Я часто вспоминаю Хакима. Его неспешные разговоры. И его житейскую мудрость. Вспоминаю, что в первые месяцы моего командования заставой мне хватило сообразительности лишь на то, чтобы договориться с местными старейшинами о прекращении минирования дороги между нашей и 9-й сторожевой заставой (и когда душманы выходили минировать дорогу, ночью Хасан, командир местного поста самообороны, сигнализировал нам на заставу лампой или фонариком из бойницы своей крепости об их «подарке»).
А вот заместитель командира роты Олег Артюхов и замполит роты Сергей Земцов проявили настоящую мудрость и дальнозоркость, налаживая контакты и добрососедские отношения с местными жителями. По мере возможности, помогая и налаживая диалог с ними. Благодаря этому обстреливать наши заставы стали гораздо реже, у нас в рационе появился виноград и, пусть не часто, но и свежие овощи.

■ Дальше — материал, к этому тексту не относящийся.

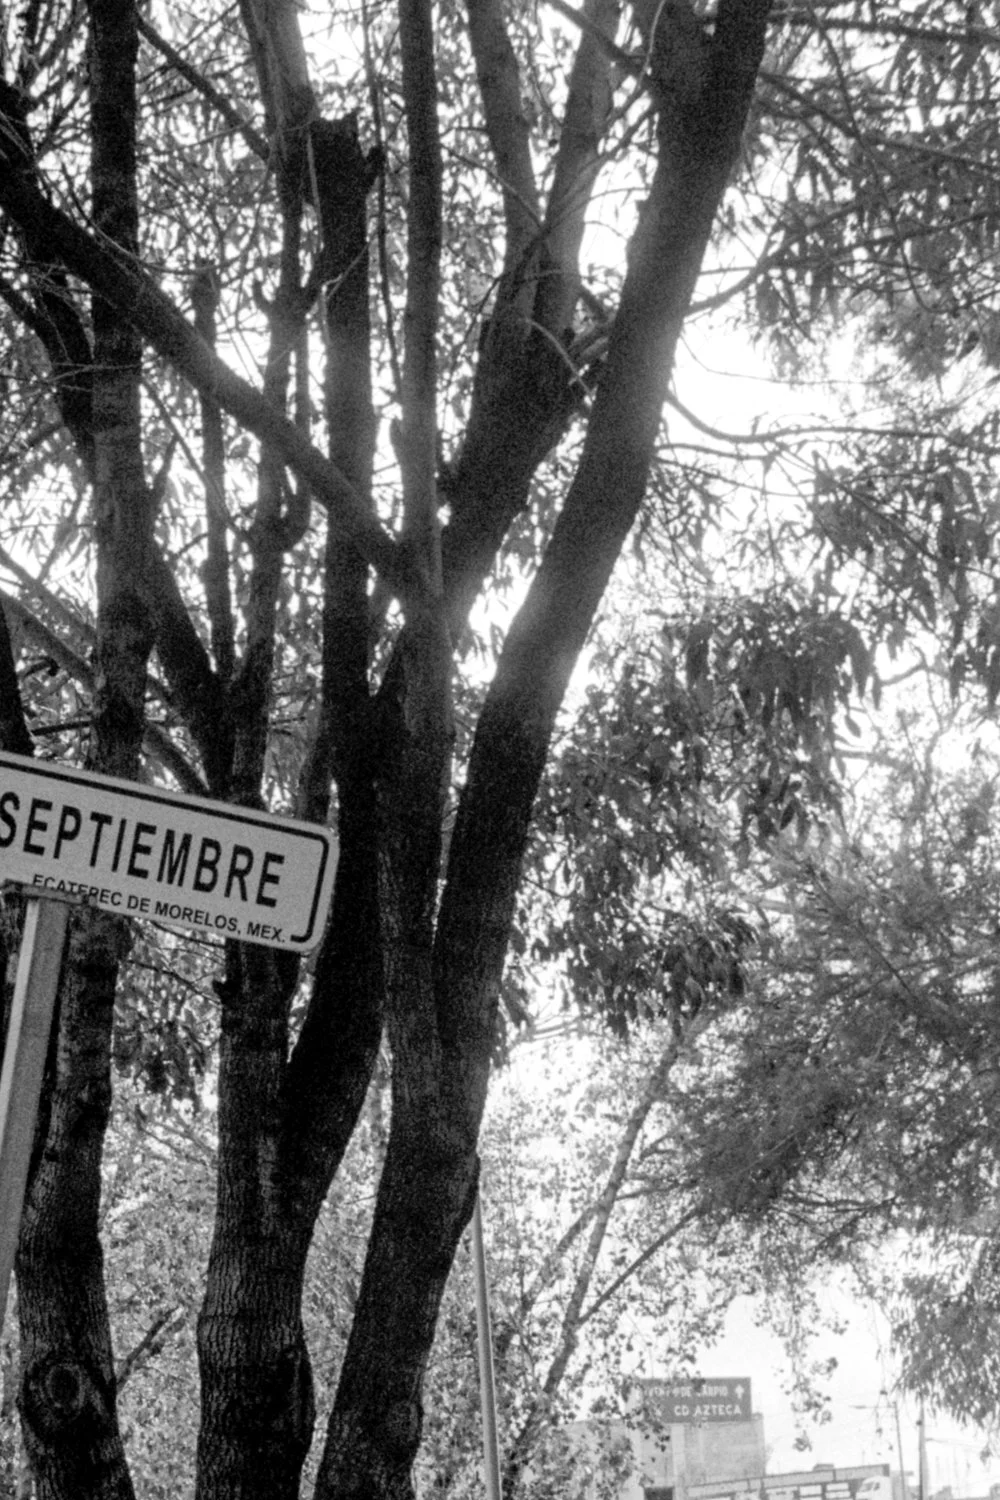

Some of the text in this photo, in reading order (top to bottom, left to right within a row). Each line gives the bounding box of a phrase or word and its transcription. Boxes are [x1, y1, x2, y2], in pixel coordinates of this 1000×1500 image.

И, именно благодаря этому, когда при обстреле заставы реактивными снарядами был разрушен наш тандыр, договориться с местными гончарами об изготовлении нового, не составило для меня большого труда — https://vk.com/@alexandrkartsev-tandyry-i-gilzy
А еще я часто вспоминаю о том, как здорово, что в то время не воровали, как сейчас. И ни у нашего ротного, ни у старшины роты не возникало желания решать свои проблемы за счет «солдатского котла». Что для налаживания сотрудничества с местными жителями и помощи местному посту самообороны мы использовали свой офицерский дополнительный паек. Или оставшиеся с прошлого месяца продукты, которые не пользовались особым спросом у наших бойцов. И делали это во благо всей роты, а не ради чьих-то шкурных интересов.
Эта история стала для меня хорошим уроком, что не стоит судить о людях по их одёжке. Что воевать нужно с врагом, а с соседями лучше дружить. И думать нужно не только о себе, но в первую очередь о тех, кто находится с тобой рядом.